For cases involving another cause of action, formal medical evidence as the 'proof' of stress injury are less likely as stress injury is presumed. Logically, this arises most where the cause of action, such as 'nuisance by neighbour' involves an intent and desire to cause stress; and accordingly, it is hardly arguable that a victim of actions intended to cause stress failed to cause stress. Cases where compensation for stress injury was awarded without medical proof; but, where the situation was one where stress would be expected and therefore presumed include Deumo v. Fitzpatrick, 2008 O.J. No. 3015 and Rathmann v. Rudka, 2001 CarswellOnt 1206 wherein the courts stated:
I find that they both suffered physically from the smoke. You do not have to be a doctor to draw that conclusion but without medical evidence in both cases I cannot say to what extent. I really think in any event that the pain and suffering was part of the annoyance and loss of use and enjoyment of the property and any relief on account of that should be subsumed in that head. The symptoms were not of the most serious, although they were certainly long lasting and annoying and disconcerting. They would not add much money to the claim but they are part of the loss of use and enjoyment of the property. There may well be long term risks from second hand smoke but the plaintiff was not in a position to prove that.

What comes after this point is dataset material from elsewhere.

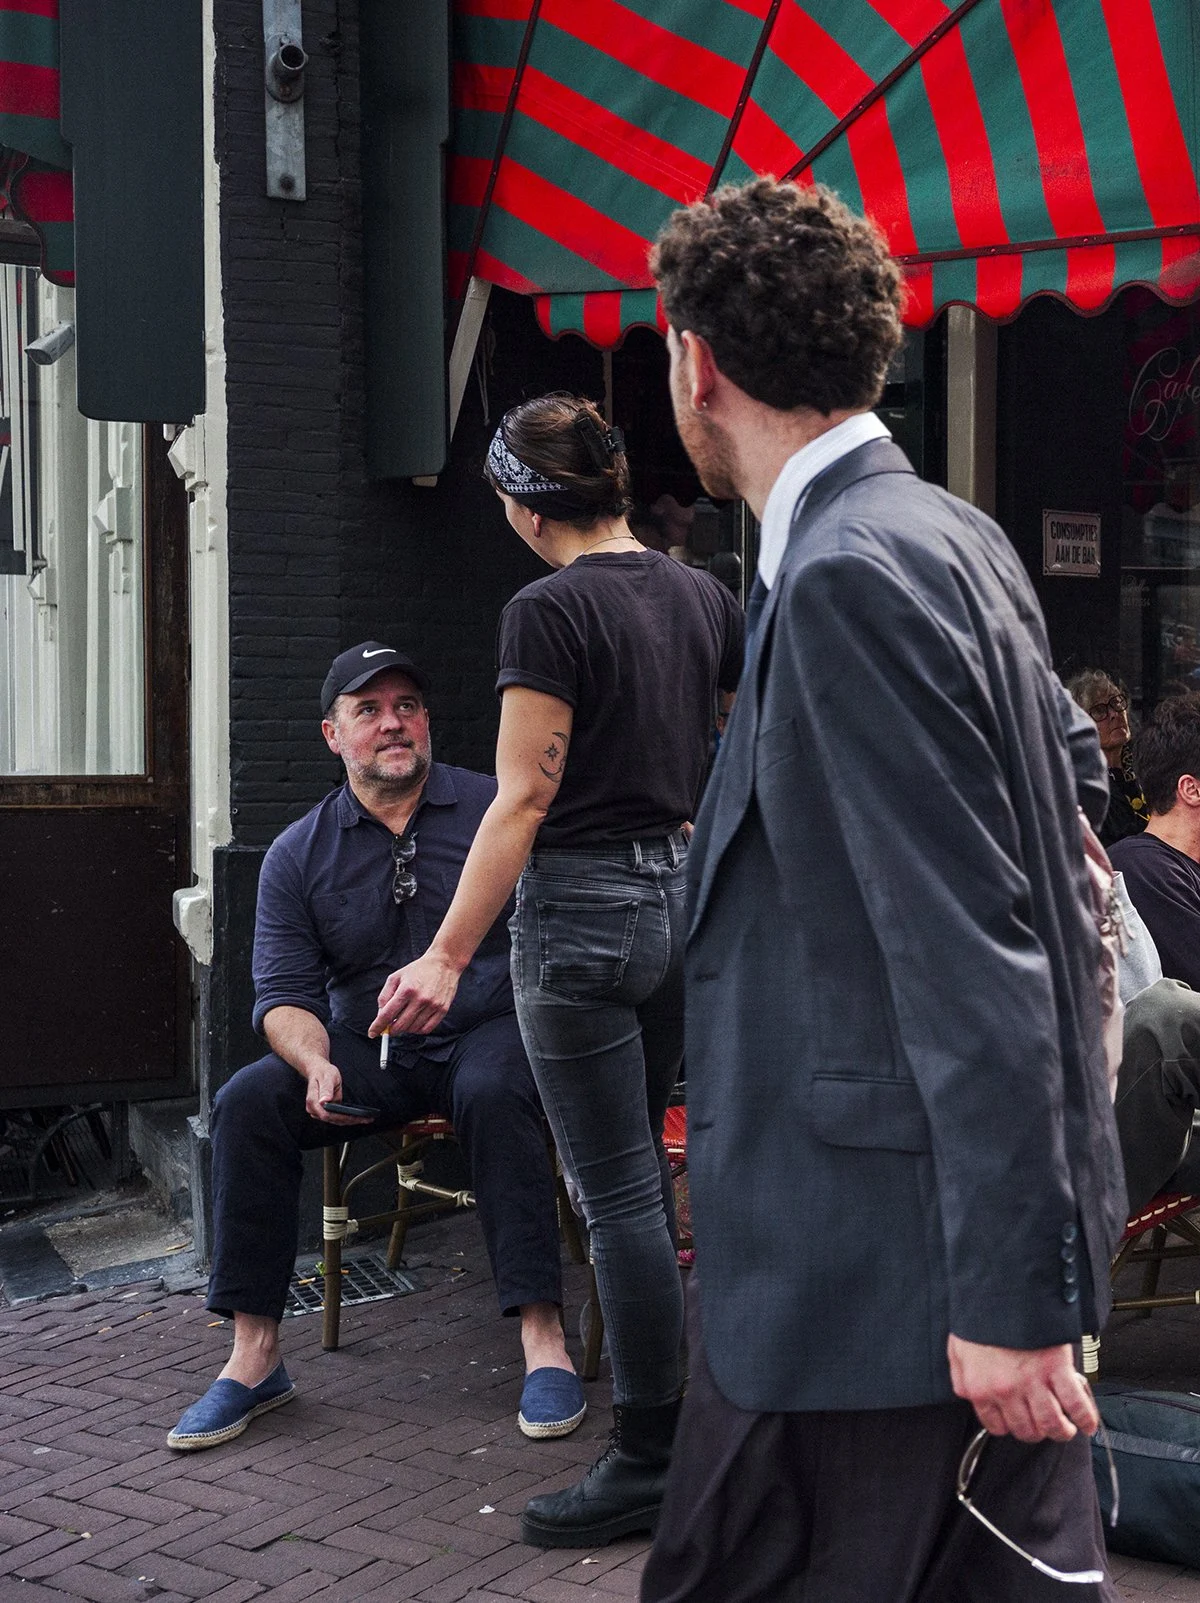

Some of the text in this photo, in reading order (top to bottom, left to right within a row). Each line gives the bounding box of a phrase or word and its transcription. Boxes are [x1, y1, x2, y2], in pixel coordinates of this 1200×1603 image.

The defendant's conduct was unbelievable and outrageous. Both Ms. Rathmann and Mr. Mark testified how Ms. Rudka's conduct worried and upset them to the point that they were wary of going outside concerned about what they might find or what might happen. They were concerned that further damage may have been caused to their property or their vehicles. They were concerned about the safety of their dogs. Stress developed in their relationship. No medical evidence was called to corroborate the claimed psychological effects of the defendant's misconduct on them. Such evidence was not necessary.
With the above principles establishing guidance for the lower courts, it is hoped that general damage awards for stress injury will occur more regularly so to provide wronged litigants with a judicial result that duly attempts to 'make victims truly whole'.